Prompt:
Please reproduce each line of the data below exactly as shown.

[Collected data]
══════════
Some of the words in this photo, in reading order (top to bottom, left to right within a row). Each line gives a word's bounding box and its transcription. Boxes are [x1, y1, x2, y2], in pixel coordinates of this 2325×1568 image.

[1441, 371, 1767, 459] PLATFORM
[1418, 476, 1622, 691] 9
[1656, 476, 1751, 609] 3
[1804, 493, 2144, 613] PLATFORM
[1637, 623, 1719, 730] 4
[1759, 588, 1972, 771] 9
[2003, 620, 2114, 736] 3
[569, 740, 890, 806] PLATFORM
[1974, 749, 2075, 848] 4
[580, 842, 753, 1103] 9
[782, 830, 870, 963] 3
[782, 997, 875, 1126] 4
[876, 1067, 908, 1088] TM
══════════
Answer section:
Some of the words in this photo, in reading order (top to bottom, left to right within a row). Each line gives a word's bounding box and its transcription. Boxes are [x1, y1, x2, y2], in pixel coordinates of this 2325×1568 image.

[1441, 371, 1767, 459] PLATFORM
[1418, 476, 1622, 691] 9
[1656, 476, 1751, 609] 3
[1804, 493, 2144, 613] PLATFORM
[1637, 623, 1719, 730] 4
[1759, 588, 1972, 771] 9
[2003, 620, 2114, 736] 3
[569, 740, 890, 806] PLATFORM
[1974, 749, 2075, 848] 4
[580, 842, 753, 1103] 9
[782, 830, 870, 963] 3
[782, 997, 875, 1126] 4
[876, 1067, 908, 1088] TM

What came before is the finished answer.